- Directions for this task -
Please copy all of the entries exactly, but drop every picture.

─── Given records

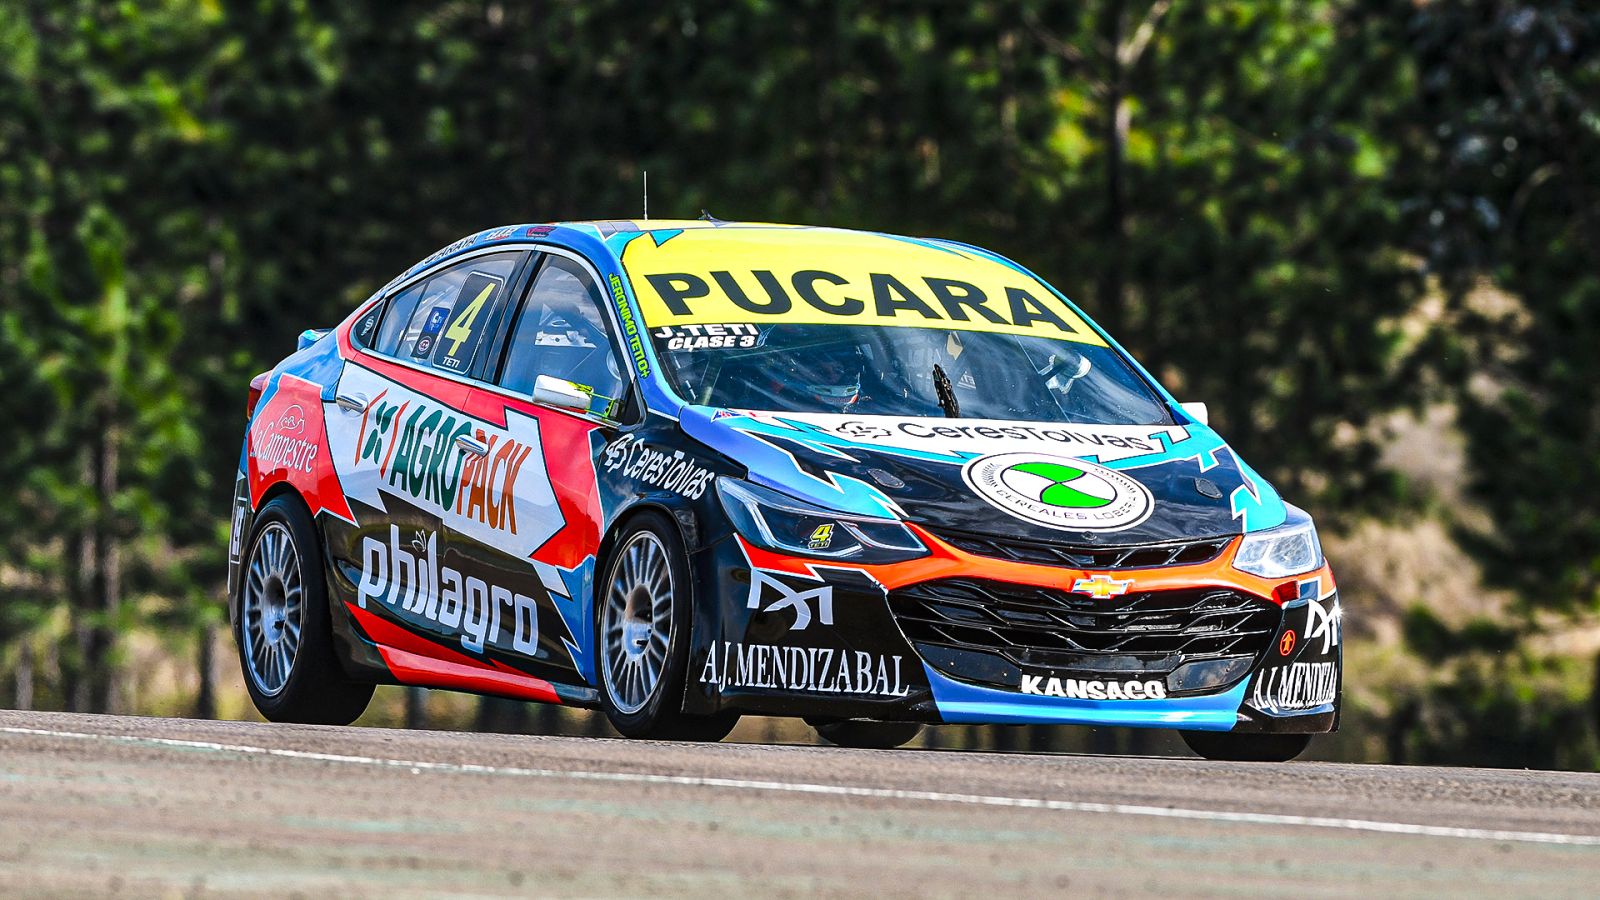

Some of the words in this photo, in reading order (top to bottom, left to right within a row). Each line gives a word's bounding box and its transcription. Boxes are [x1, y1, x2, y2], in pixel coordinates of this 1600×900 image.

[609, 273, 637, 336] JERONIMO
[643, 269, 1080, 335] PUCARA
[444, 281, 496, 357] 4
[654, 323, 759, 338] J.TETI
[667, 336, 737, 352] CLASE
[739, 335, 756, 348] 3
[442, 356, 461, 369] TETI
[389, 403, 532, 536] AGROPACK
[995, 488, 1087, 520] CEREALES
[811, 524, 832, 542] 4
[357, 524, 539, 654] philagro
[1021, 674, 1167, 700] KANSACO
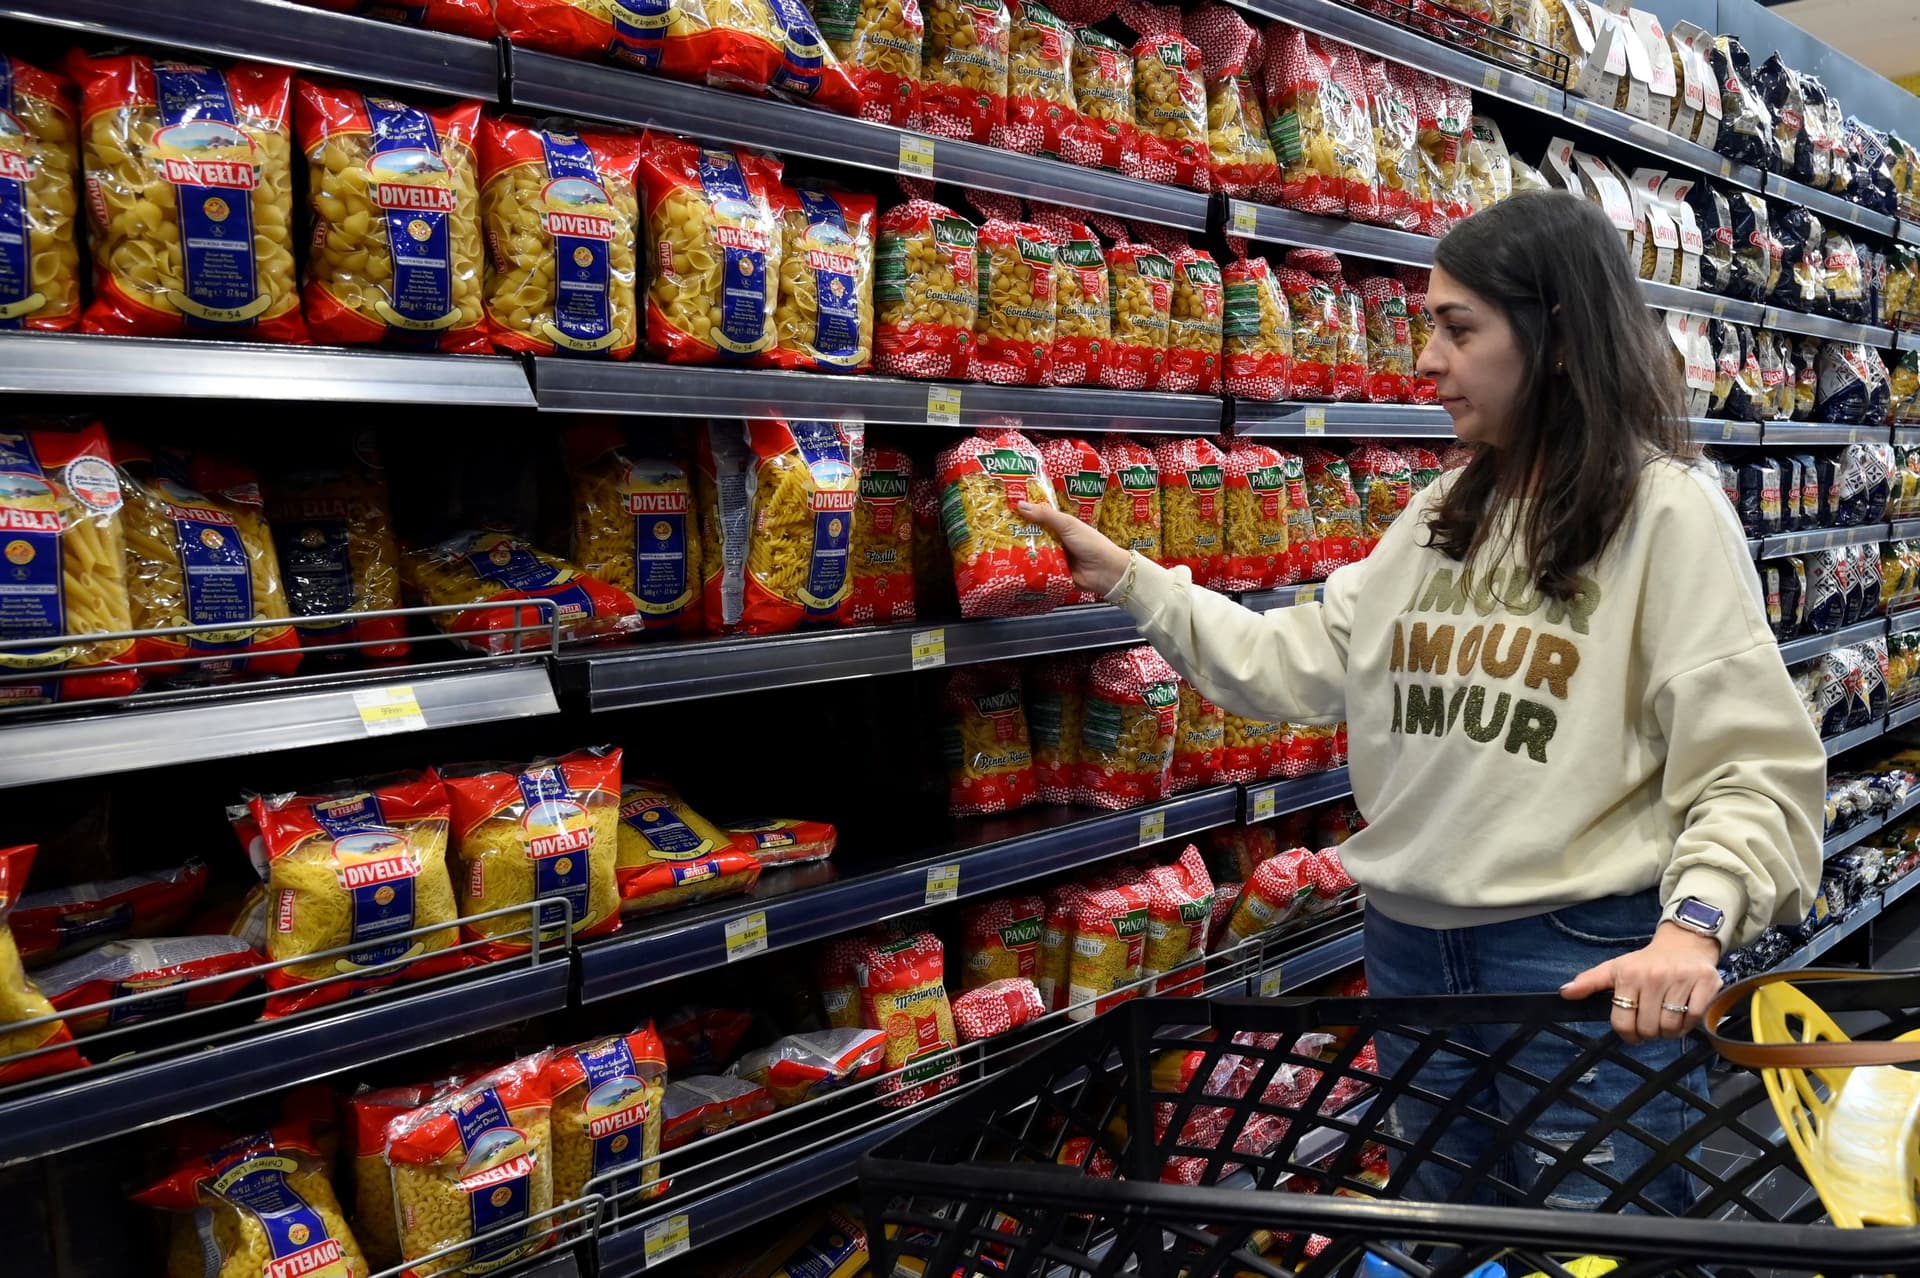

──────

- Task solution -
Some of the words in this photo, in reading order (top to bottom, left to right within a row). Each line gives a word's bounding box and its transcription. Boxes are [x1, y1, x2, y2], in pixel coordinates of this 1600×900 image.

[609, 273, 637, 336] JERONIMO
[643, 269, 1080, 335] PUCARA
[444, 281, 496, 357] 4
[654, 323, 759, 338] J.TETI
[667, 336, 737, 352] CLASE
[739, 335, 756, 348] 3
[442, 356, 461, 369] TETI
[389, 403, 532, 536] AGROPACK
[995, 488, 1087, 520] CEREALES
[811, 524, 832, 542] 4
[357, 524, 539, 654] philagro
[1021, 674, 1167, 700] KANSACO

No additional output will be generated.